Interview mit Claus Duncker und Patrick Temmesfeld

Claus Duncker und Patrick Temmesfeld

„Unser Vorstandsalltag ist so bunt wie die blista selbst“

Herr Duncker, stellen Sie uns doch bitte Ihren neuen Kollegen im blista-Vorstand, Patrick Temmesfeld, kurz vor.

CD: Patrick Temmesfeld ist ein alter Hase in der Blinden- und Sehbehindertenpädagogik. Er ist sein gesamtes Berufsleben als qualifizierter Sonderpädagoge dort unterwegs. Er ist Langläufer. Langläufer zu sein heißt, dass man einen langen Atem hat und einem nicht so schnell die Puste ausgeht. Eigenschaften, die gerade für eine Tätigkeit im Bildungsbereich wichtig sind. Wir kennen uns seit über zwölf Jahren und ich habe auch schon in der früheren Funktion von Herrn Temmesfeld, als Einrichtungsleiter des bbs nürnberg, sehr gerne mit ihm zusammengearbeitet. Über die Fortsetzung dieser Zusammenarbeit – jetzt hier an der blista – freue ich mich sehr.

Welche Berührungspunkte hatten Sie in Ihrem bisherigen Berufsleben mit der blista, Herr Temmesfeld? Und was hat dann den Ausschlag gegeben, nach Marburg zu wechseln?

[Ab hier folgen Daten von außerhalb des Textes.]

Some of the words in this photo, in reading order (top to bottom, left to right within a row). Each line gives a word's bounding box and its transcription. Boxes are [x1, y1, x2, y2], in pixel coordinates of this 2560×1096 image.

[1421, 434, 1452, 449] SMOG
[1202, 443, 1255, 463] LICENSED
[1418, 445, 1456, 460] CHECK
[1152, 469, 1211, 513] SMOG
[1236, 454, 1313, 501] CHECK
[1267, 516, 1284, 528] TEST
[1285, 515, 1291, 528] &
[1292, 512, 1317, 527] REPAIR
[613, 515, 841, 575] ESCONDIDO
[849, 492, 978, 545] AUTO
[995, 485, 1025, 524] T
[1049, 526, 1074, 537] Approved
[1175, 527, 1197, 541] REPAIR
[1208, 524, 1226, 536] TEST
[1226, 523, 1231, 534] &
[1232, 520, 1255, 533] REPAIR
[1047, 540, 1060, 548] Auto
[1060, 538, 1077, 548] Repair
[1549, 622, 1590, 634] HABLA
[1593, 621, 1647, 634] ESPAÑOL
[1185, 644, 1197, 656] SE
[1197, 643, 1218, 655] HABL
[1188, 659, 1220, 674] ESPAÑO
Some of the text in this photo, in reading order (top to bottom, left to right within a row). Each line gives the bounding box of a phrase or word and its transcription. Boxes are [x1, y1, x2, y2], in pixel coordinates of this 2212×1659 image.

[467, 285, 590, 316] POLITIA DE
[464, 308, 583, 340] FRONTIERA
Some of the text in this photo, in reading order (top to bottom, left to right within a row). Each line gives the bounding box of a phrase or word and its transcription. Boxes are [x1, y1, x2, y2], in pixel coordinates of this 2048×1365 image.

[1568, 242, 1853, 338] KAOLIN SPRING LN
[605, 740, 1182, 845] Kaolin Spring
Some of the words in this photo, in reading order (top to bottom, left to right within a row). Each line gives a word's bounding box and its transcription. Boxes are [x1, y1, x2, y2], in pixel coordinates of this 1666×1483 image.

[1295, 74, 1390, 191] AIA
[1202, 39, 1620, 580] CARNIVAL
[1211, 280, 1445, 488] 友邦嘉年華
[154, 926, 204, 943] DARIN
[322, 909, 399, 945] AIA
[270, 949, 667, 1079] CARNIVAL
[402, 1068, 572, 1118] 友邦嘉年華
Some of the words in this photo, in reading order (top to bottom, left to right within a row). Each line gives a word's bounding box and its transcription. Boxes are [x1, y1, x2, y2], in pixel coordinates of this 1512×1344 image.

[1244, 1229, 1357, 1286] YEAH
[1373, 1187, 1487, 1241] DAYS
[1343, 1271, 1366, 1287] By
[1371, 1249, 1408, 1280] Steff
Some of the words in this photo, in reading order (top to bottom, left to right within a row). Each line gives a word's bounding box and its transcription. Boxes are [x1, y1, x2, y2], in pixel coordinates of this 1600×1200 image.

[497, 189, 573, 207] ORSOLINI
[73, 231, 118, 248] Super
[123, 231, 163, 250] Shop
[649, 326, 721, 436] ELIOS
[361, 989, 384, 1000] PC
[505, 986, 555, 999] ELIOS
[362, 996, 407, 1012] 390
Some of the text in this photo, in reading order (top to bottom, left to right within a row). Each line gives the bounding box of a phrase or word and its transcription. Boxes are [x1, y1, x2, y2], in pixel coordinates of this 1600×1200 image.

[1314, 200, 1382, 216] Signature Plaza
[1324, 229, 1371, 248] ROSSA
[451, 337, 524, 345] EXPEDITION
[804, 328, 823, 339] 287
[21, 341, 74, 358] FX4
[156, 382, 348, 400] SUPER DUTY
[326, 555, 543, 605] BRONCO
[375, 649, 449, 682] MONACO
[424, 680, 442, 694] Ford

PT: Ich hatte von Beginn meines Berufslebens an Berührungspunkte mit der blista. Als Lehrer an der Johann-Peter-Schäfer-Schule in Friedberg war es für mich schon Alltag, dass Wege von Schülerinnen und Schülern nach Marburg führten. Daher kannte ich die blista und ihre Angebote schon früh. Über mein Steckenpferd, die EDV und IT, arbeitete ich schon damals in Friedberg eng mit Uli Kalina aus der Carl-Strehl-Schule zusammen. Später dann, als Geschäftsführer und Schulleiter des bbs nürnberg, habe ich viel über die blista in gemeinsamer Gremienarbeit erfahren und kennengelernt. Die blista ist für mich damit schon immer eine hochspannende Einrichtung gewesen. Daher habe ich diese Herausforderung sehr gerne angenommen, die Entwicklungen hier auf dem blistaCampus mitgestalten zu dürfen.

Wie waren Ihre ersten Wochen?

PT: Die ersten Wochen waren recht ruhig, weil ich mitten in den hessischen Schulferien angefangen habe. Das war sehr gut, weil ich so nach und nach die Aufgaben, Personen und einzelnen Bereiche an der blista besuchen und in Ruhe kennenlernen konnte. Nun im regulären Betrieb geht das Kennenlernen dieser komplexen Einrichtung weiter; jetzt kommen viele Termine, Gespräche, Planungen und Austausch dazu.

Wie würden Sie Ihren Vorstandskollegen Claus Duncker jemandem beschreiben, der ihn nicht kennt?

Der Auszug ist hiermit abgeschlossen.